Keywords: Hepatitis B, Treatment, Entecavir
Introduction
Hepatitis B virus (HBV) affects more than 2 billion individuals worldwide, and approximately 350 million people are long-term HBV carriers [1]. Turkey has medium endemicity for incidence of HBV infection, and the estimated number of HBV carriers is 2.4-6 million people [2]. Chronic hepatitis B (CHB) is induced by the chronic replication of HBV in the liver and has a poor prognosis, with 20–40% of infected individuals developing liver cirrhosis, noncompensated liver disorder, or hepatocellular carcinoma (HCC) [3]. Studies on hepatitis B seroprevalence were done in different regions of Turkey. Kangin et al. carried out a large-scale study in endemic regions and found that the seroprevalence was 8.1% among 10,391 children [4].In northern Turkey, the seroprevalence of hepatitis B among pregnant women was found to be 2.1% [5]. As is well-known, hepatitis B is very prominent among blood donors, and the general seroprevalence ratio was found to be 4.19% in a previous study carried out by Emekdas et al.[6]. Treatment of CHB is aimed at the sustained inhibition of HBV replication and at the remission of liver disease [7], ultimately preventing progression to liver cirrhosis or HCC [8]. For its treatment, agents like interferon alpha (IFN a), pegylated interferons (PEG-IFN), lamivudine (LAM), adefovir (ADV), entecavir (ETV) and tenofovir (TDF) have been used in many countries, as well as in Turkey. The antiviral agents ETV and TDF were introduced to Turkey in 2007 and 2008, respectively. ETV is a strong and selective inhibitor of HBV DNA polymerase. Previous studies have shown that its reliability and its side-effect profile are similar to that of LAM. In our study, we assessed the shortand long-term effects of ETV on chronic hepatitis B patients receiving ETV treatment, and they are followed at three-month intervals.
Materials and Methods
Routinely, the naïve or previously treated hepatitis B patients have been followed in our outpatient clinic and their alanine aminotransferase/ aspartate aminotransferase (AST/ALT), hepatitis B surface antigen (HBsAg), antibody to hepatitis B surface antigen (anti-HBs), hepatitis B e antigen (HBeAg), antibodies to hepatits B e antigen (anti- HBe), hepatitis B virus DNA (HBV-DNA)levels are checked at three-month intervals (in the 3rd, 6th , 9th and 12th month). Additionally, LAM- and ADVresistance tests were applied to all individual subjects. When the subjects first began to be followed, liver biopsies were done on them.

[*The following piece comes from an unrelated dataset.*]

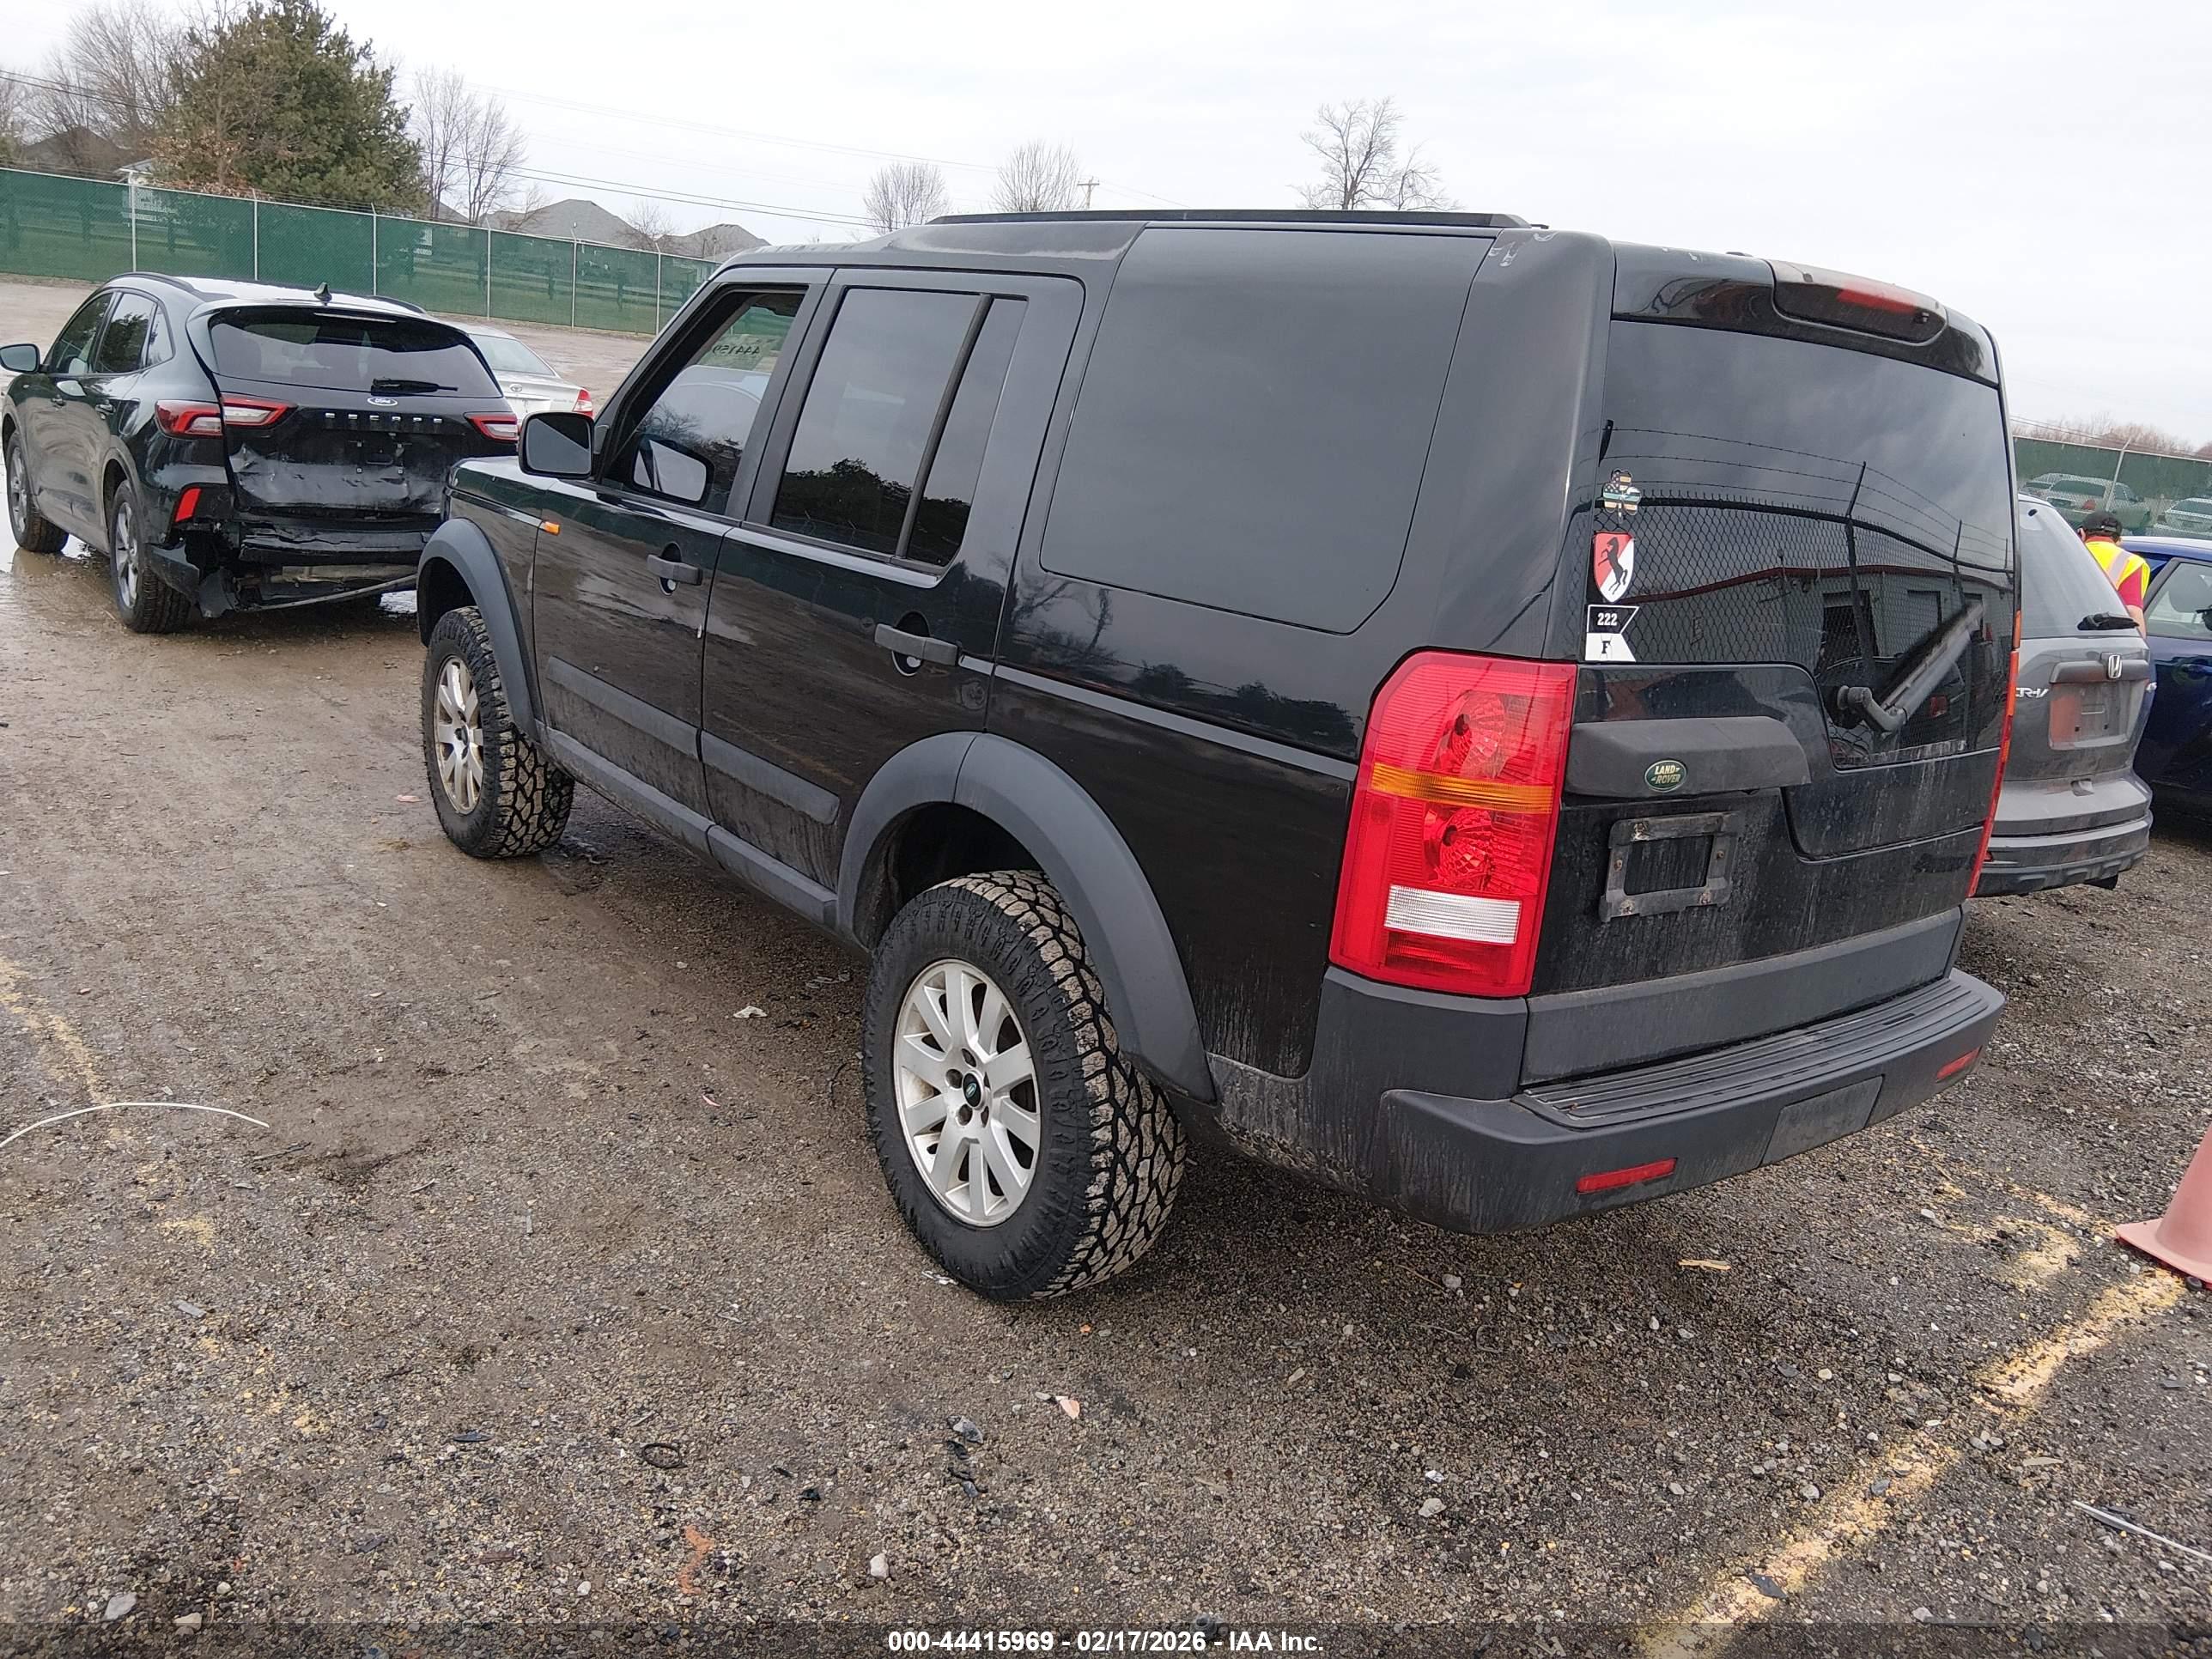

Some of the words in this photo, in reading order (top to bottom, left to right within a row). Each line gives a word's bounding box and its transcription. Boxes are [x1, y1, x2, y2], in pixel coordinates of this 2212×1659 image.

The following criteria were used for enrolling the patients in the study: elevated levels in liver function tests, elevated levels of HBV DNA (> 105 copy/ml in HBeAg positive patients, >104 copy/ml in HBe negative patients), and histology activity index (HAI) score of =4 and fibrosis =2 in both groups.
Patients having HIV infections were excluded from the study because of the contraindications A total of 52 patients were enrolled in the study. A dose of 0.5 mg/day and 1 mg/day of ETV was given to 50 patients without LAM/ADV resistance and to 2 patients with LAM resistance, respectively. The drug was administered in a dose of 0.5mg/day, every three days, to one patient with a renal transplant. The treatment duration was 48 weeks.
The resistance against LAM and ADV was evaluated using the multiplex PCR and reverse hybridization tools (INNO-LIPA HBV DR v2, Innogenetics, Belgium). According to the criteria of the Turkish Association for the Study of the Liver, an ALT/AST normalization in the 3rd, 6th and 12th month is accepted as a biochemical response (BR) in chronic hepatitis B patients, and 2 logarithmic decreases in the HBV DNA level in the 3rd month, lower than 104 copy/ml in the 6th month and an undetectable level in the 12th month are accepted as a virological response (VR). In HBeAg-positive patients, the detection of anti-HBe antibodies is accepted as a serological response (SR).
Results
Nineteen (36.6%) and 33 (63.4%) of the patients were female and male, respectively. Their mean age was 37.9 (between 17 and 67) years. Thirtyeight (73.1%) of the patients were naïve, while 14 (26.9%) patients had previous nucleos(t)ide analogue treatment (with LAM and/or ADV). LAM and ADV resistance were detected in two patients. Out of 52 patients, 23 (44.2%) were HBeAgpositive, while 29 (55.8%) were HBeAg-negative. ETV treatment results and the patients’ details are provided in Table 1 and Table 2. HBeAg seroconversion developed in 4.5% of the HBeAgpositive patients. The analyses showed that there is no significant relationship between the previous nucleoside use and the virological response; between the level of baseline HBV DNA and virological response; between the beginning level of fibrosis value and virological response in any of the groups (data not shown).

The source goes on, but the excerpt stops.